* TASK DATA:

· · · · · · ·

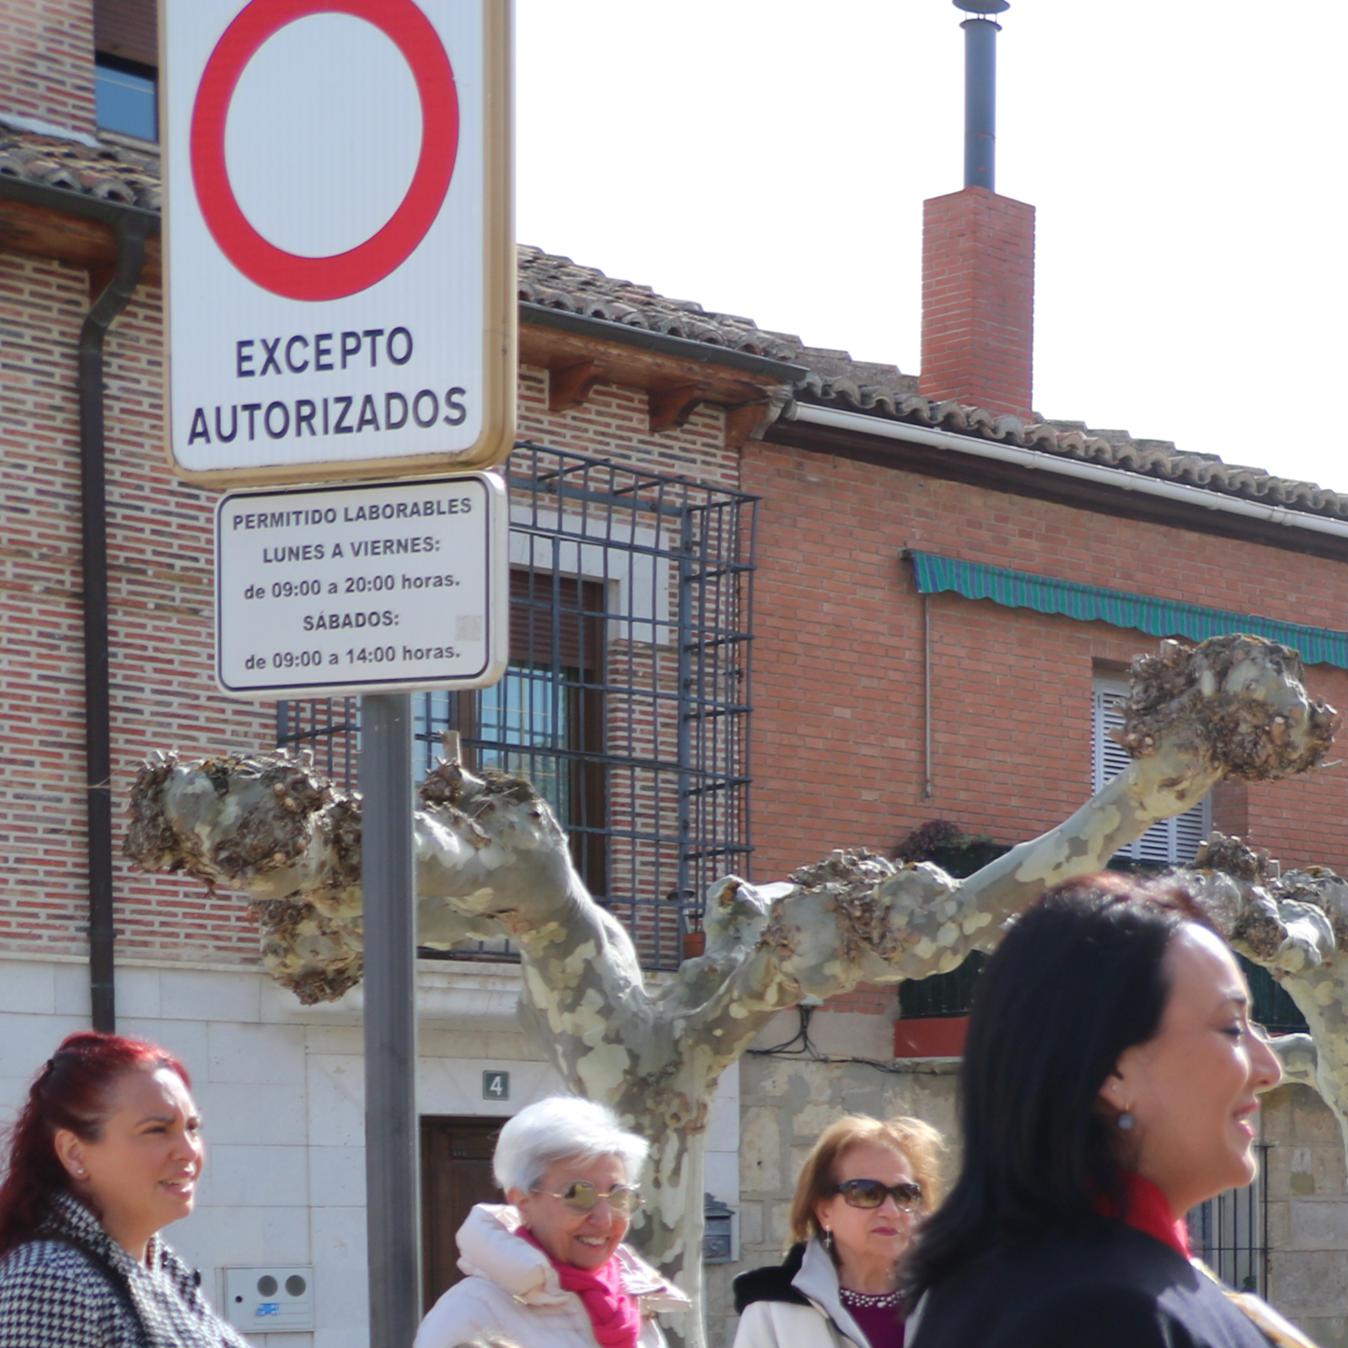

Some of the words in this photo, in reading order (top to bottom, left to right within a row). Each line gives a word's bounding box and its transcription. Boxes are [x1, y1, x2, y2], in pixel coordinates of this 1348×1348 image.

[235, 325, 414, 379] EXCEPTO
[187, 385, 468, 446] AUTORIZADOS
[232, 508, 337, 531] PERMITIDO
[343, 497, 473, 524] LABORABLES
[262, 543, 325, 564] LUNES
[330, 543, 345, 560] A
[349, 535, 441, 558] VIERNES:
[243, 583, 266, 601] de
[271, 579, 322, 599] 09:00
[327, 581, 339, 595] a
[344, 574, 396, 594] 20:00
[401, 572, 461, 590] horas.
[302, 609, 400, 632] SÁBADOS:
[244, 653, 267, 671] de
[272, 650, 323, 670] 09:00
[327, 652, 340, 666] a
[345, 645, 397, 664] 14:00
[401, 644, 461, 662] horas.
[489, 1075, 504, 1097] 4

· · · · · · ·

* TASK PROMPT:
Output the records above character for character, but leave each image out.

* RESPONSE TO THIS EXERCISE:
Some of the words in this photo, in reading order (top to bottom, left to right within a row). Each line gives a word's bounding box and its transcription. Boxes are [x1, y1, x2, y2], in pixel coordinates of this 1348×1348 image.

[235, 325, 414, 379] EXCEPTO
[187, 385, 468, 446] AUTORIZADOS
[232, 508, 337, 531] PERMITIDO
[343, 497, 473, 524] LABORABLES
[262, 543, 325, 564] LUNES
[330, 543, 345, 560] A
[349, 535, 441, 558] VIERNES:
[243, 583, 266, 601] de
[271, 579, 322, 599] 09:00
[327, 581, 339, 595] a
[344, 574, 396, 594] 20:00
[401, 572, 461, 590] horas.
[302, 609, 400, 632] SÁBADOS:
[244, 653, 267, 671] de
[272, 650, 323, 670] 09:00
[327, 652, 340, 666] a
[345, 645, 397, 664] 14:00
[401, 644, 461, 662] horas.
[489, 1075, 504, 1097] 4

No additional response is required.